Il a des instants comme ceux-là, où tout devient intemporel, rien ne vous affecte plus que l'ambiance du moment, et votre esprit devient si agile et léger, que le moindre paysage devient un live ouvert, une bible du vivant. 
L'oeil se sait implicitement porté vers un horizon qui ne dit rien au premier abord mais qui laisse inévitablement le regard se concentrer sur l'essence même du monde. 
Une certaine sérénité peut alors être ressentit dans des instants semblables et c'est dans cet état qu'il est alors possible de poser son regard et prendre la mesure de ce qui nous est donné à contempler. 
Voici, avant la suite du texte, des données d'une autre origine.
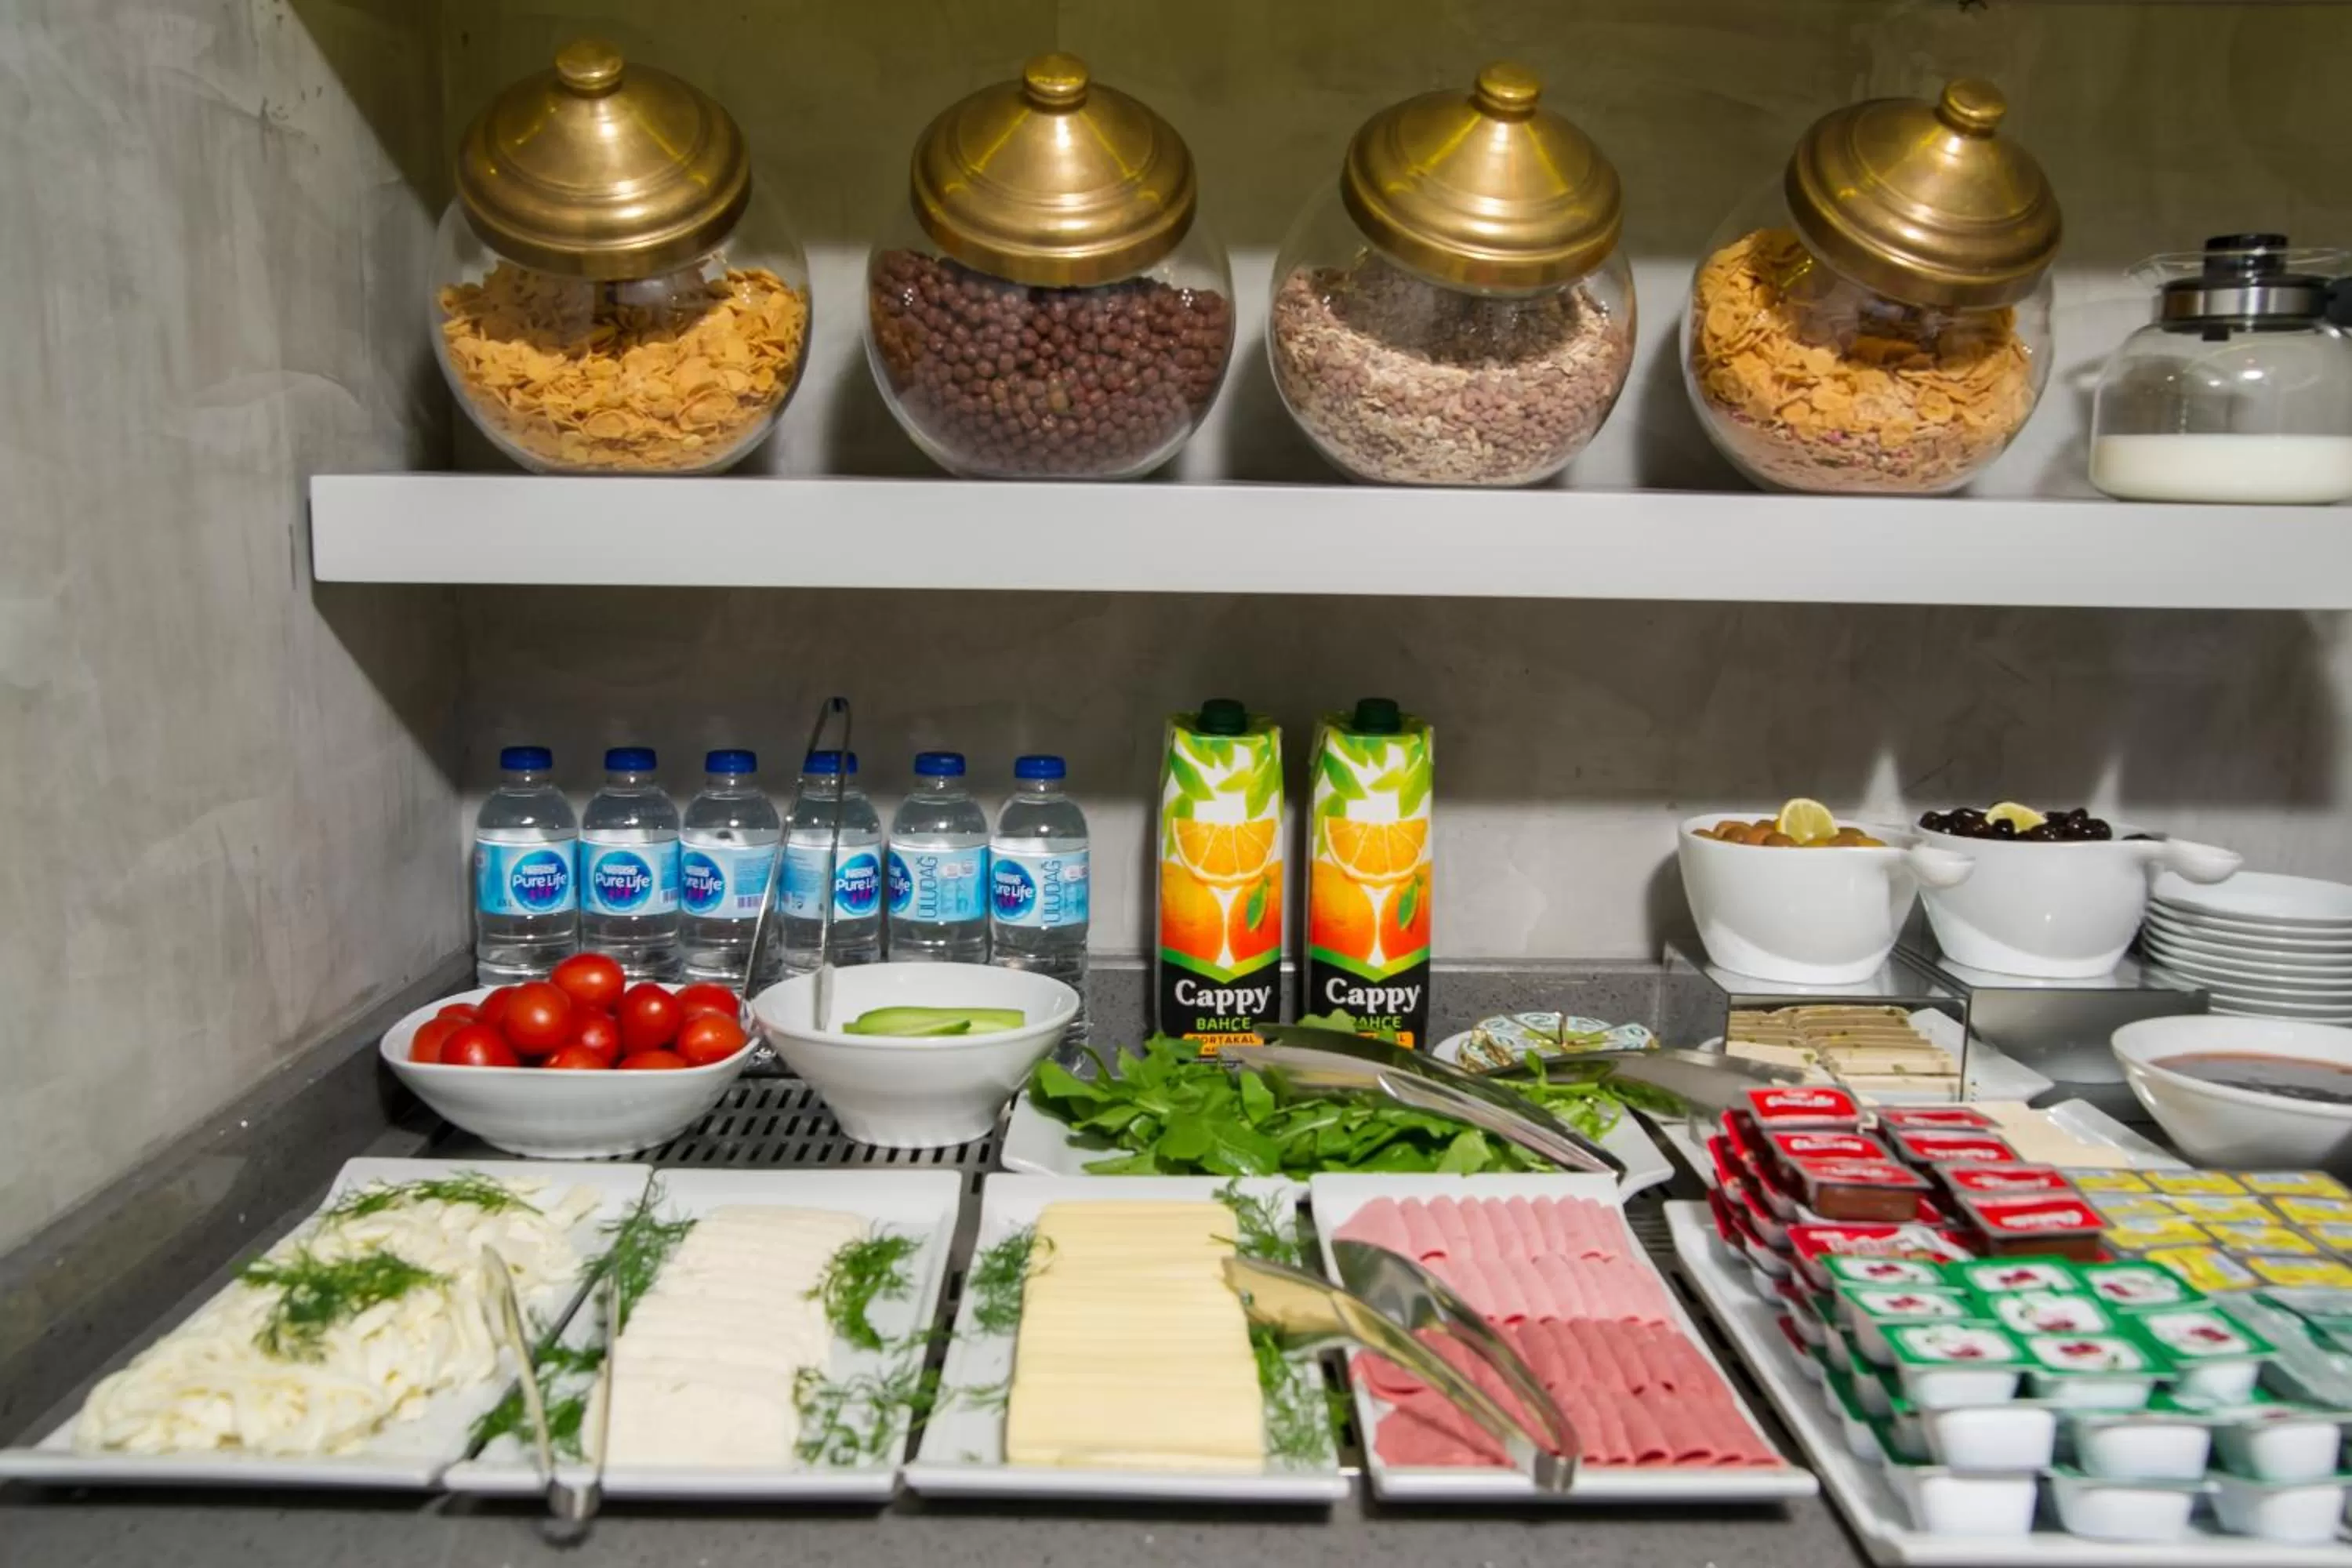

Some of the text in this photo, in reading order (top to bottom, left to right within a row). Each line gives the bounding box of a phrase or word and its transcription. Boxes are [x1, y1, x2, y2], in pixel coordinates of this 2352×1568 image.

[513, 872, 566, 891] Pure Life
[596, 872, 650, 892] Pure Life
[700, 877, 722, 895] Life
[836, 877, 866, 891] Pure
[994, 884, 1033, 902] ure Life
[1174, 978, 1272, 1015] Cappy
[1326, 977, 1421, 1014] Cappy
[1193, 1035, 1255, 1044] ORTAKAL
Car en définitive tout se résume à la qualité de notre présence afin de pouvoir témoigner de ces moments de repos, de respiration au cours desquels une connexion est possible.
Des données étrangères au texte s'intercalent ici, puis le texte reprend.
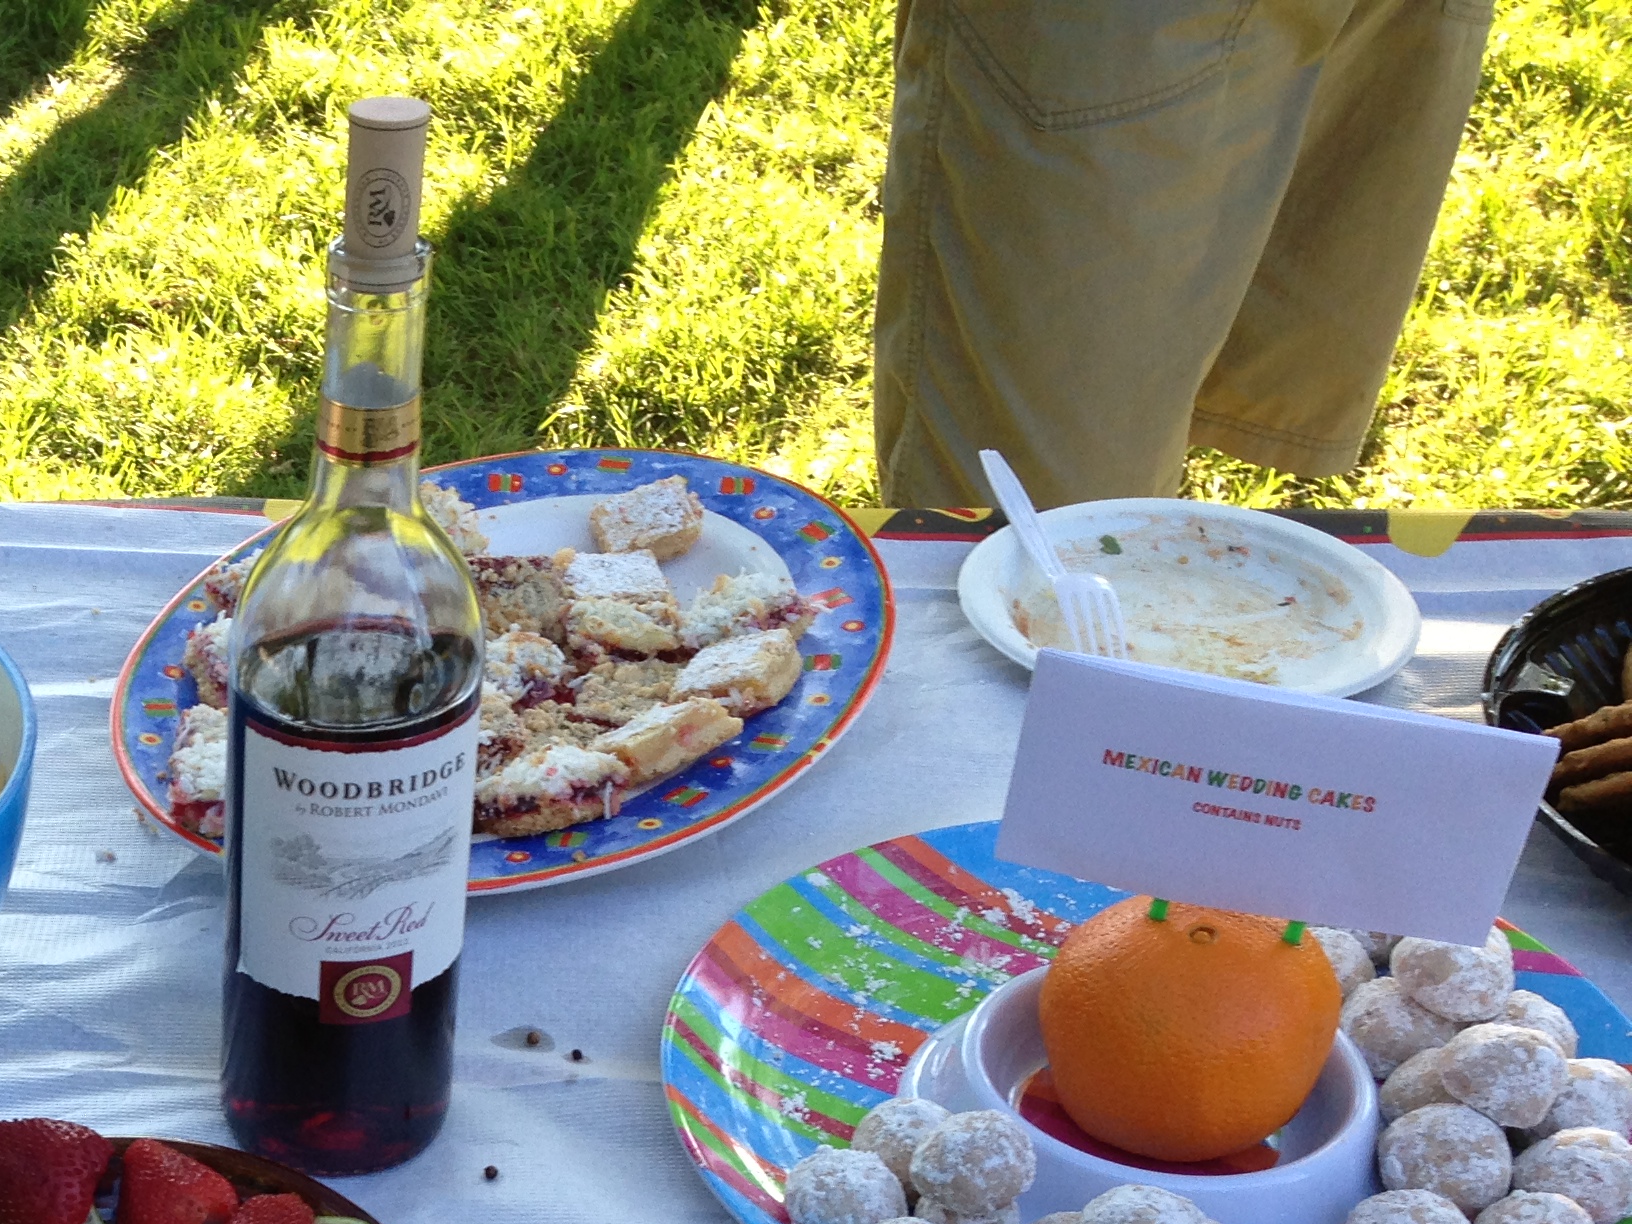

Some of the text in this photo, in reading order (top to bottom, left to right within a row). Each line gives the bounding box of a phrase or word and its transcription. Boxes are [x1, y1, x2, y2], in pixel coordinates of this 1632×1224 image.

La représentation ainsi délivrée se fait rencontre entre recherche et réalité, saisie dans l’instant et pourtant formatée par l'impératif du cadrage, éthéré et ordonnée, pour laisser les instincts s'exprimer au regard du conditionnent graphique qui s'impose à nous.
Pourtant, rien n’est figé et tout peu basculer, inévitablement car cela est inscrit dans la notion même de l’ordre, intimement lié au chaos. L'être humain fait défaut à ces lieux qu'il façonne, sanctuarisés ou bien désaffectés, nous pouvons y projeter nos peurs comme nos espoirs.